2026 ASCP Annual Meeting

Background

Esketamine, a rapid-acting glutamatergic agent, has demonstrated clinical promise in treatment-resistant depression (TRD). Recent evidence has linked metabolic and inflammatory markers and response to antidepressant treatment. This study examined change in clinical symptoms and peripheral blood-based biomarkers in individuals with TRD receiving repeated esketamine treatments in a Canadian psychiatric hospital.

Methods

Data was derived from 25 participants with primary diagnosis of major depressive disorder or bipolar disorder receiving twice-weekly intranasal esketamine treatments over four weeks.
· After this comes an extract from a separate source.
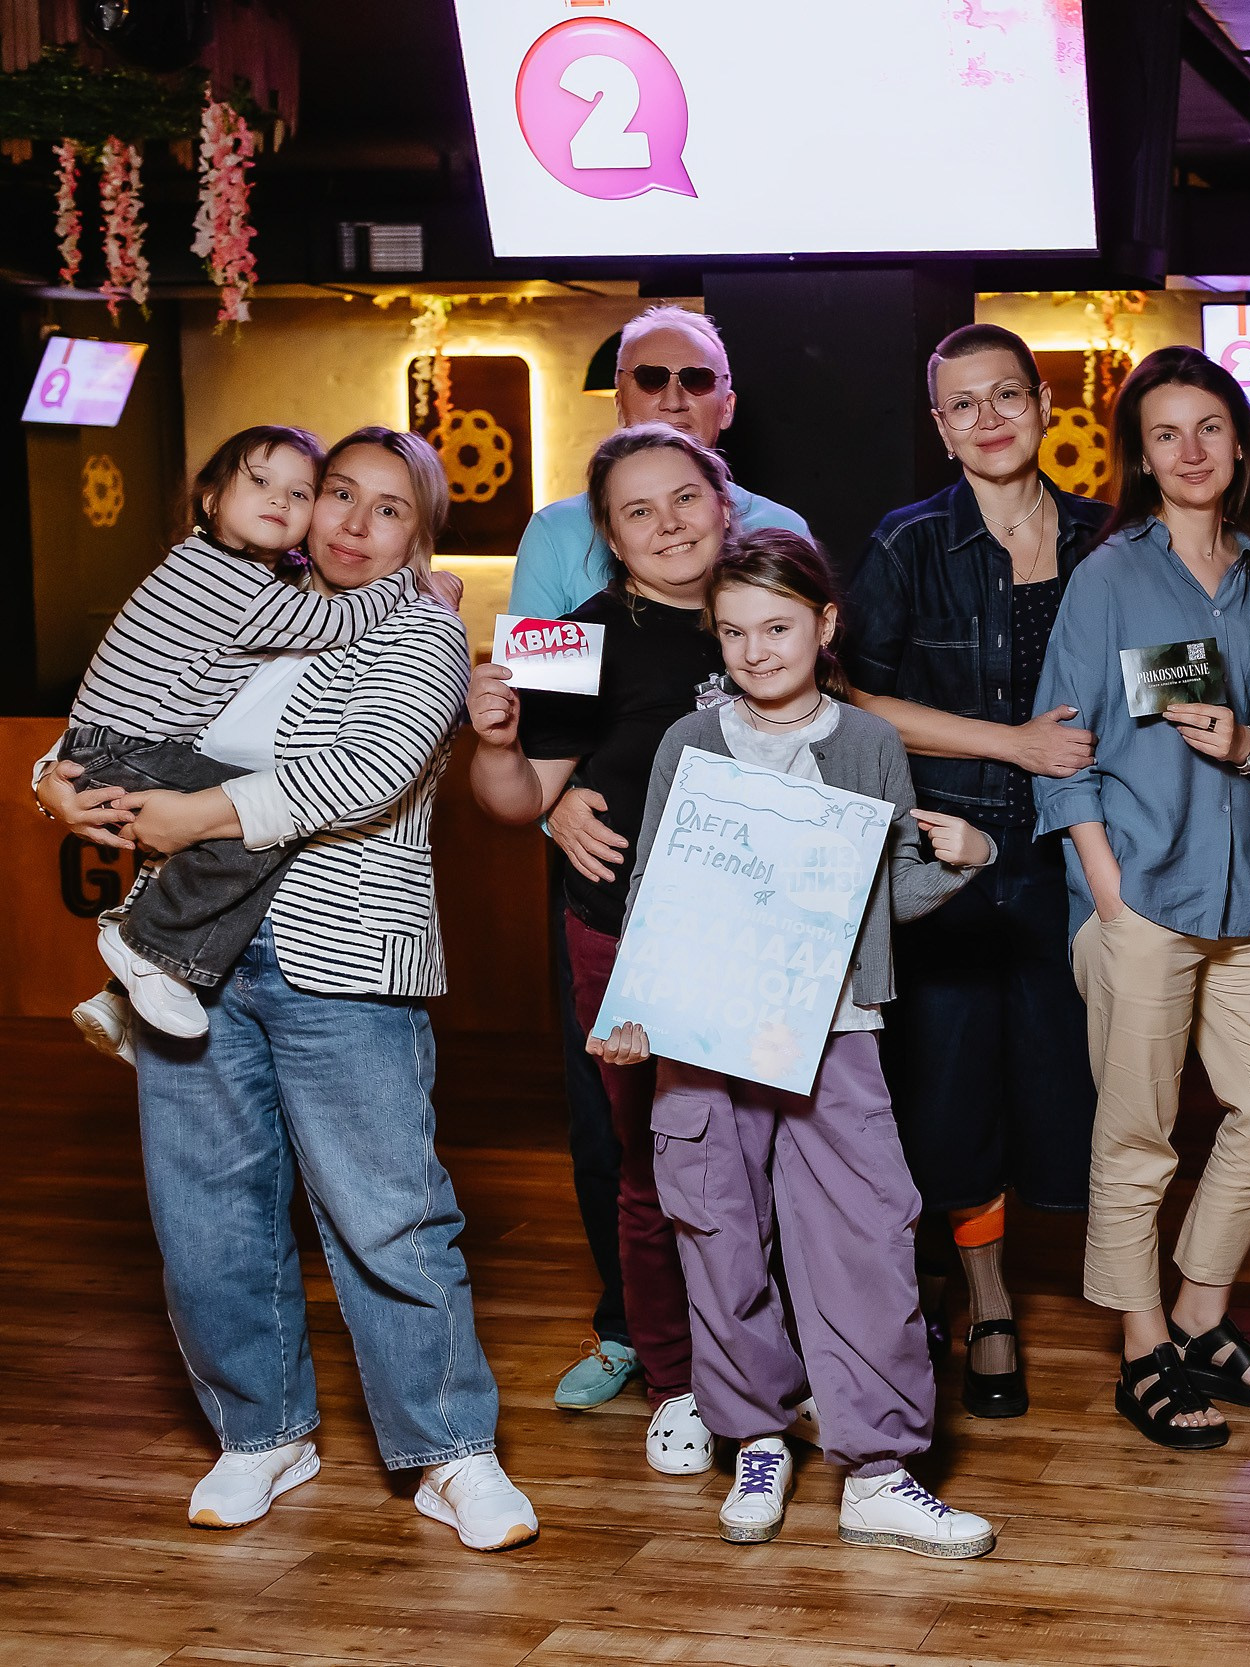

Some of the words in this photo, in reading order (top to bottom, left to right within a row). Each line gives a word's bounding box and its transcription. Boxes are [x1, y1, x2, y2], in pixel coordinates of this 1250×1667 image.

[558, 53, 652, 170] 2
[44, 373, 67, 402] 2
[1136, 662, 1211, 685] PRIKOSNOVENIE
Depressive symptoms were measured using the Montgomery-Åsberg Depression Rating Scale (MADRS) and Patient Health Questionnaire-9 (PHQ-9). Metabolic syndrome criteria and high-sensitivity C-reactive protein (CRP) were assessed at baseline and after 4 weeks of treatment.

Results

Esketamine treatment was associated with significant decrease in both rateradministered and self-reported depressive symptom severity (MADRS, mean decrease 7.8 points, p < .001; PHQ-9, p < .001). Pre-treatment, 84% of patients had at least 1 metabolic dysregulation (most commonly elevated blood pressure or increased waist circumference), and 28% had elevated CRP. A higher number of pre-treatment metabolic abnormalities predicted greater decrease in depressive symptoms post-treatment (p=.037). Following 4 weeks of treatment, participants had a significant decrease in mean fasting glucose (p < .001), and systolic blood pressure (p=.01).

Conclusions

In this preliminary analysis, improvement in symptoms of depression was observed over 4 weeks of esketamine treatment. Further, we report evidence of associations between metabolic burden and treatment response to esketamine. These findings support the therapeutic effects of esketamine and emphasize the need for further investigation into its broader clinical and biological impacts.